**WHAT TO DO:** Below are records to repeat exactly; do not include any pictures.

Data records
Start of Block

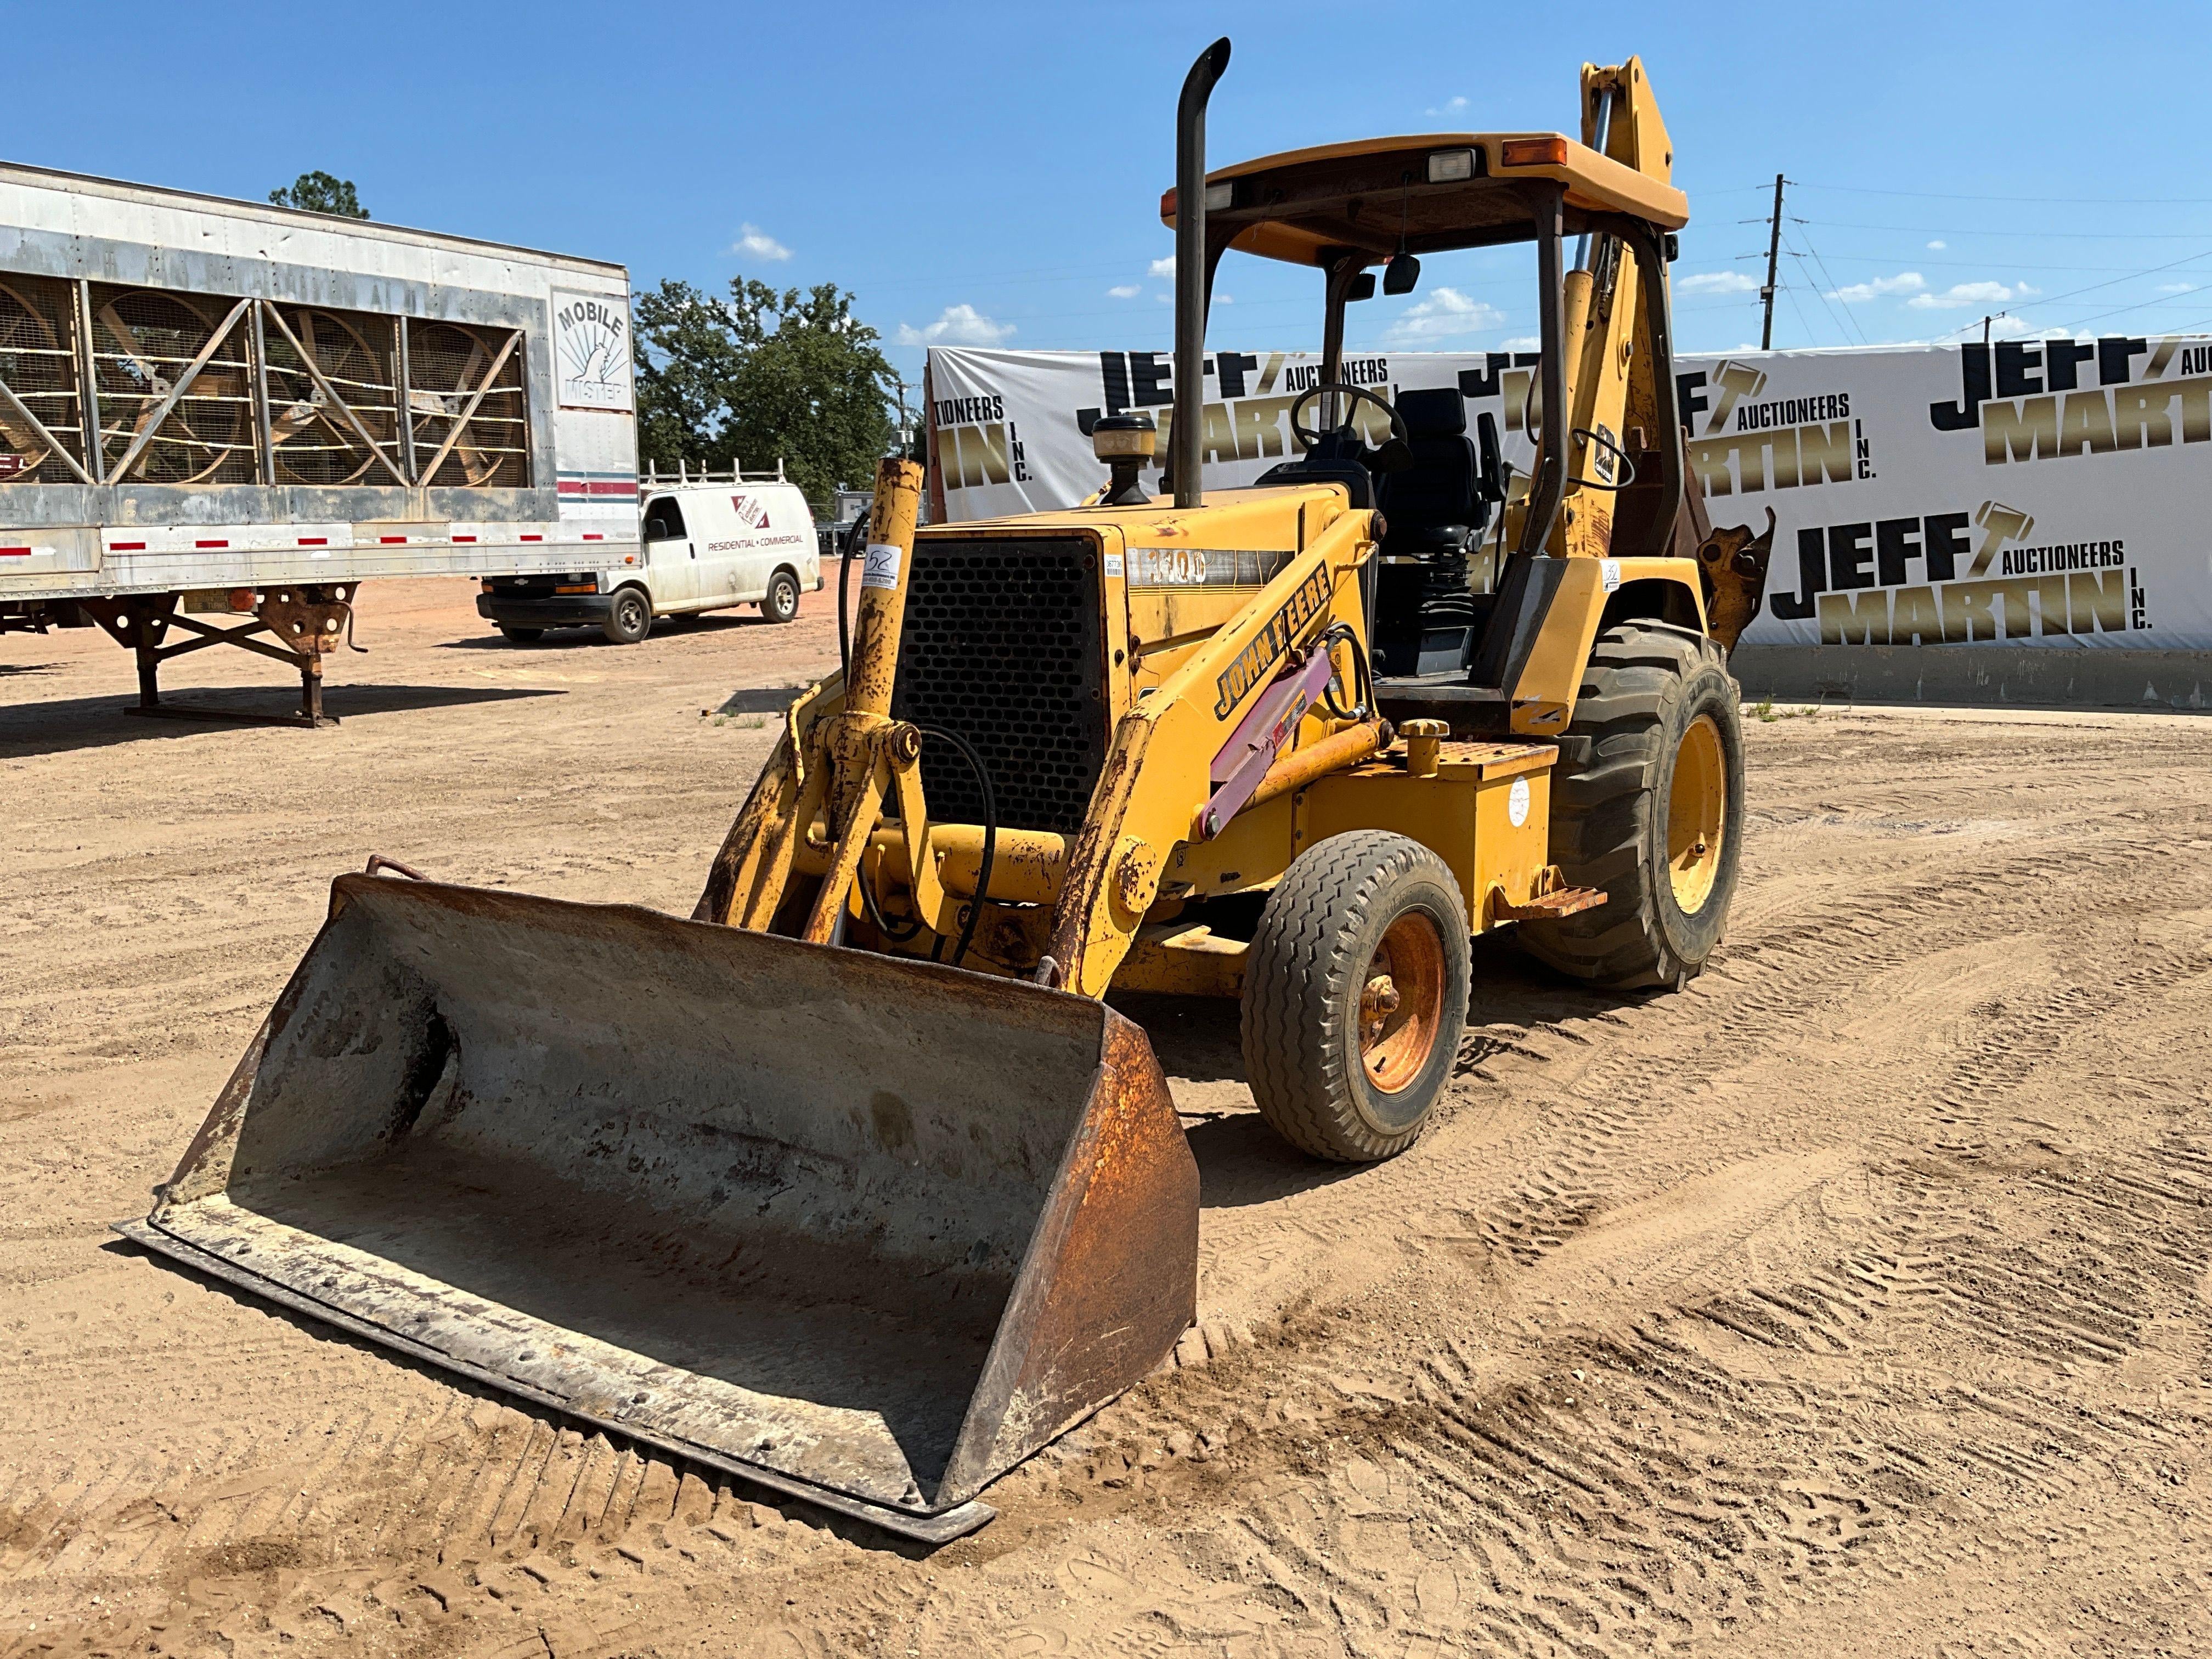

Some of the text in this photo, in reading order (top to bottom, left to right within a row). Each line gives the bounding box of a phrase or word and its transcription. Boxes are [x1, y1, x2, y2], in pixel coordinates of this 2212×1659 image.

[558, 302, 623, 337] MOBILE
[1286, 358, 1388, 392] AUCTNEERS
[1929, 337, 2148, 431] JEFF
[1076, 352, 1257, 437] JEF
[1737, 393, 1849, 431] AUCTIONEERS
[708, 535, 804, 552] RESIDENTIAL COMMERCIAL
[869, 550, 893, 571] 52
[2002, 540, 2124, 575] AUCTIONEERS
[1769, 512, 1971, 620] JEFF
[1819, 569, 2126, 645] MARTIN
[1218, 630, 1273, 716] JOHN

End of Block

**RESPONSE TO THIS TASK:**
Some of the text in this photo, in reading order (top to bottom, left to right within a row). Each line gives the bounding box of a phrase or word and its transcription. Boxes are [x1, y1, x2, y2], in pixel coordinates of this 2212×1659 image.

[558, 302, 623, 337] MOBILE
[1286, 358, 1388, 392] AUCTNEERS
[1929, 337, 2148, 431] JEFF
[1076, 352, 1257, 437] JEF
[1737, 393, 1849, 431] AUCTIONEERS
[708, 535, 804, 552] RESIDENTIAL COMMERCIAL
[869, 550, 893, 571] 52
[2002, 540, 2124, 575] AUCTIONEERS
[1769, 512, 1971, 620] JEFF
[1819, 569, 2126, 645] MARTIN
[1218, 630, 1273, 716] JOHN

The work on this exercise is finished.